Does anyone know where in the CFA materials the Yield to Maturity Formula is? I’m looking for the actual formula to calculate it by hand (using trial and error) rather than the calculator method. Looked through all my L1 - L3 books and can’t find it. Could have sworn It was somewhere in the material…
YTM is simply the IRR of bond cash flows, assuming everything gets paid in full on time as scheduled. So look for the IRR formula and substitute interest and principal payments for cash flows (remember that the current bond price is CF0)
calculating by hand sounds like a whole lot of fun.

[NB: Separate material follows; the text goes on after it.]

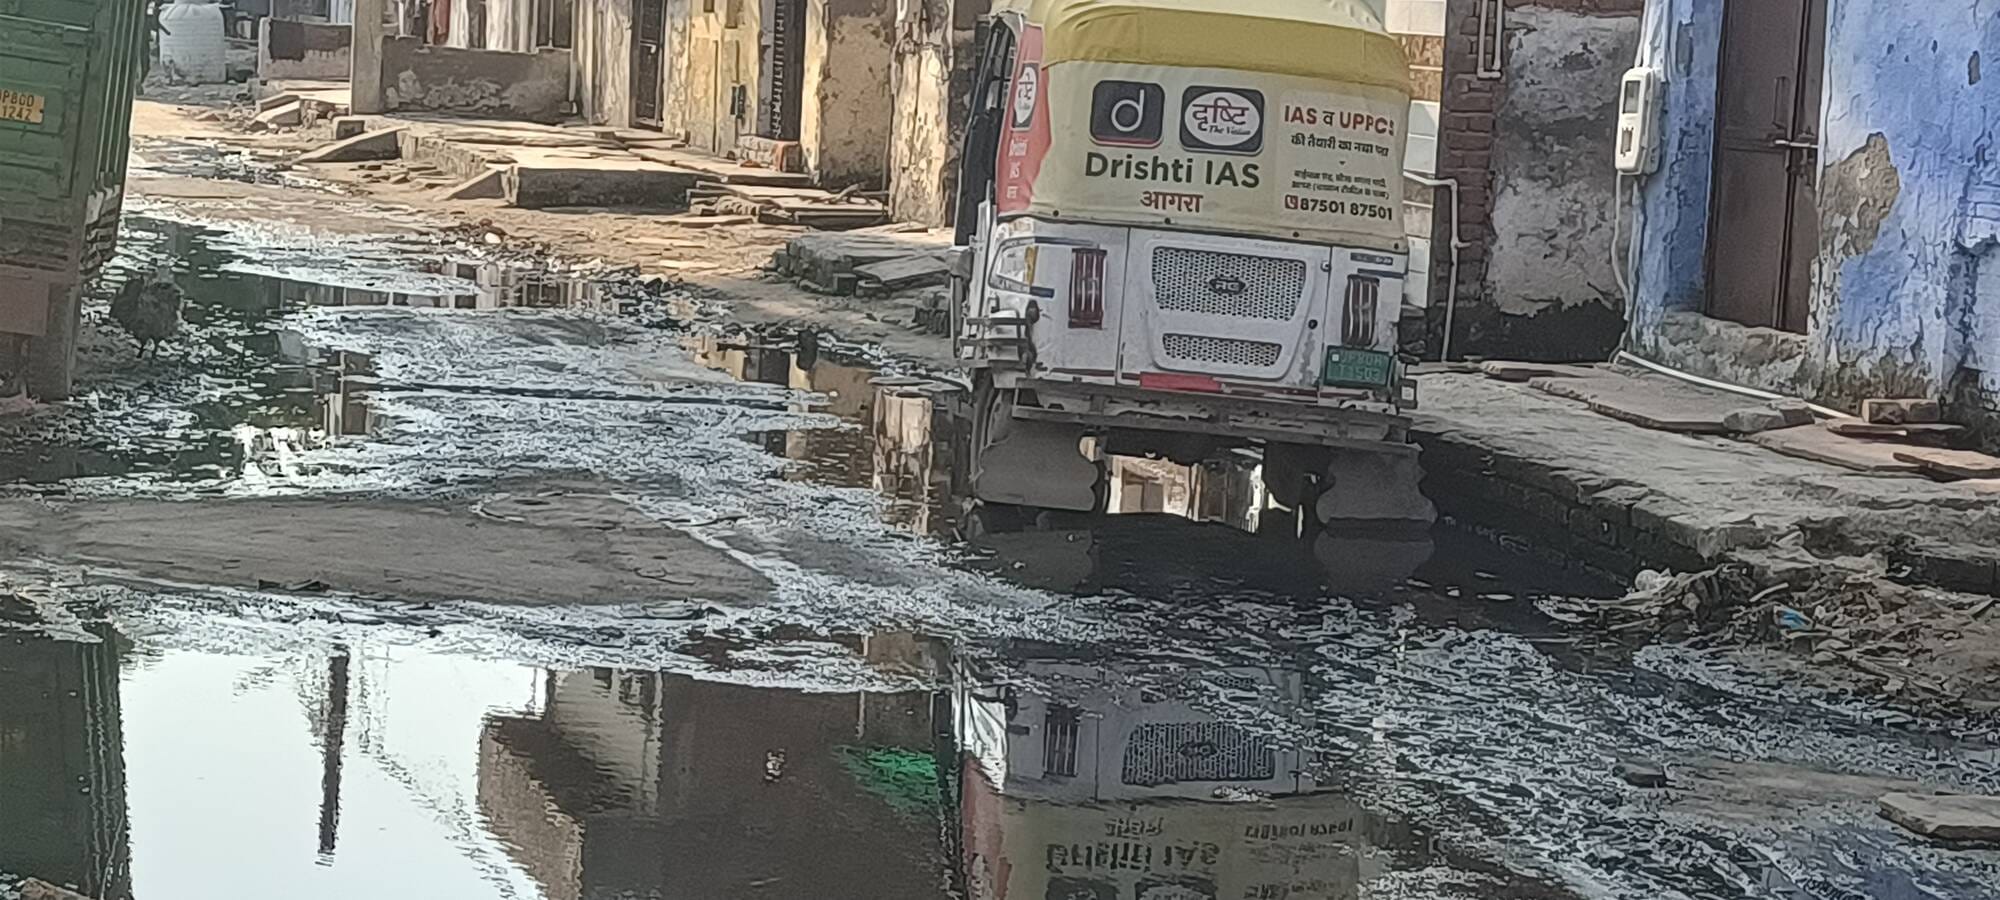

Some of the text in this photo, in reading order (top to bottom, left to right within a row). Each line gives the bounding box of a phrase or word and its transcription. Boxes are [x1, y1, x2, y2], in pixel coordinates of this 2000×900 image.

PV of the bond = sum from i = 1 to n (where n is the total number of cashflows) of the period i cashflows (CF[i]) discounted by (1+ytm)^i. You have to know PV and all i cash flows, then solve for the fixed ytm that equates the PV equal to the right hand side
I’m curious to know how you do this for a mortgage in terms of calculating its current price given that they are illiquid and don’t have secondary market to determine its current price. So my question is, how do you determine the current price of a commercial mortgage?
so if you are a lender and you lent $20 million for 5 years at a 25 year amort at a rate of 3.25%, and then decide to get to sell it, how do you determine it’s current value?
Well, I guess you’d choose a bunch of discount rates and compute the NPV of the mortgage payments, and then figure out what kind of spread over treasuries seems best to reflect the level of credit and prepayment and liquidity risk.
A more advanced method would be to calculate the spread over the yield curves at various maturities and discount each payment by the key rate plus spread.